Stylomech: Unveiling Authorship via Computational Stylometry in English and Romanized Sinhala
Journal:
arXiv
Published Date:
Jan 16, 2025
Abstract
With the advent of Web 2.0, the development in social technology coupled with
global communication systematically brought positive and negative impacts to
society. Copyright claims and Author identification are deemed crucial as there
has been a considerable amount of increase in content violation owing to the
lack of proper ethics in society. The Author's attribution in both English and
Romanized Sinhala became a major requirement in the last few decades. As an
area largely unexplored, particularly within the context of Romanized Sinhala,
the research contributes significantly to the field of computational
linguistics.
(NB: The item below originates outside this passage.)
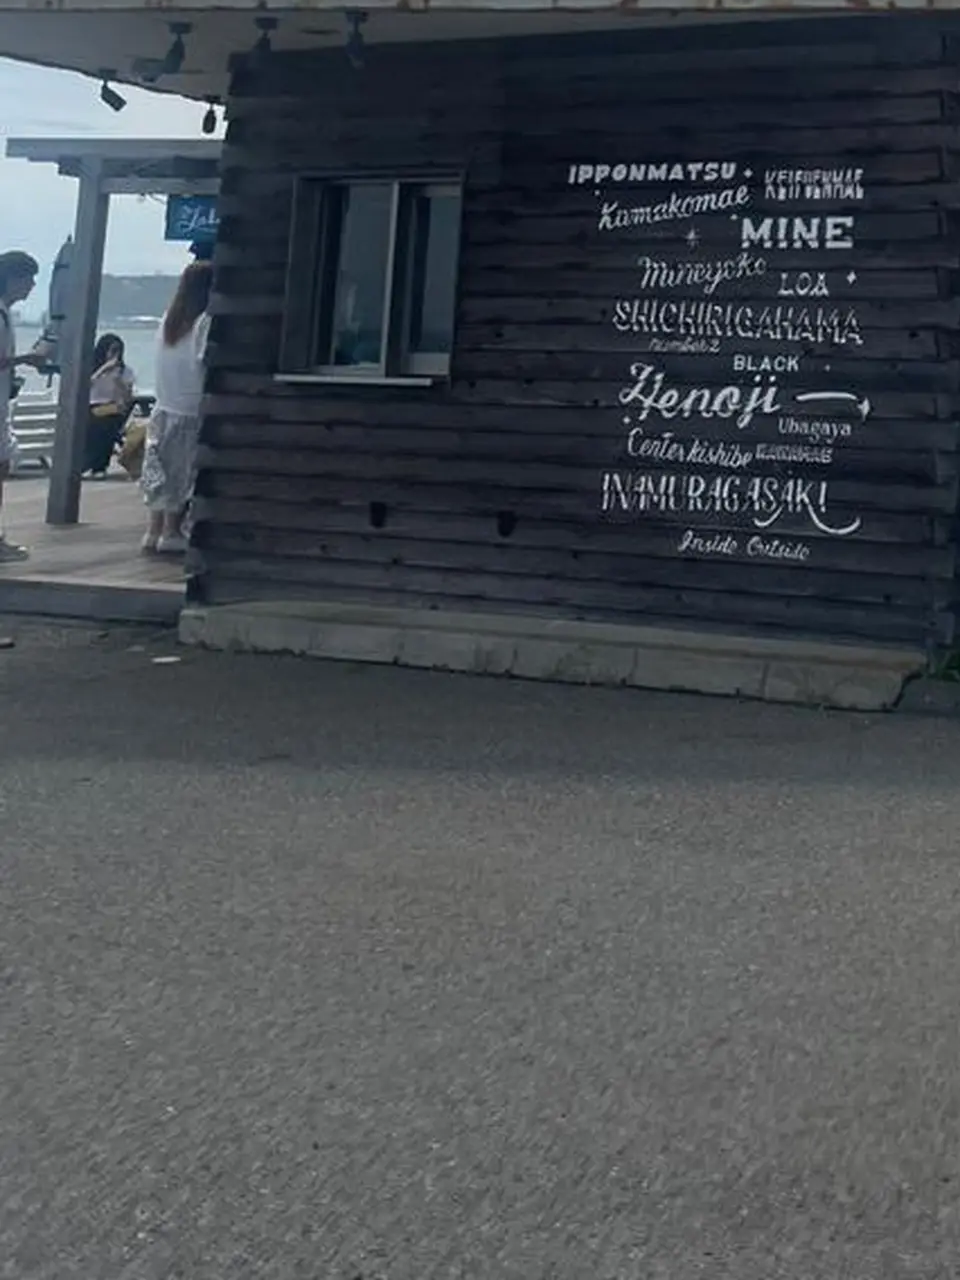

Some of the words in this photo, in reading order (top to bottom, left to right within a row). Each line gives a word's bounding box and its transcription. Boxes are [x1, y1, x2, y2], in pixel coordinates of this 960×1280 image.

[567, 162, 737, 185] IPPONMATSU
[741, 216, 854, 249] MINE
[733, 355, 800, 371] BLACK
The proposed author attribution system offers a unique approach,
allowing for the comparison of only two sets of text: suspect author and
anonymous text, a departure from traditional methodologies which often rely on
larger corpora. This work focuses on using the numerical representation of
various pairs of the same and different authors allowing for, the model to
train on these representations as opposed to text, this allows for it to apply
to a multitude of authors and contexts, given that the suspected author text,
and the anonymous text are of reasonable quality. By expanding the scope of
authorship attribution to encompass diverse linguistic contexts, the work
contributes to fostering trust and accountability in digital communication,
especially in Sri Lanka. This research presents a pioneering approach to author
attribution in both English and Romanized Sinhala, addressing a critical need
for content verification and intellectual property rights enforcement in the
digital age.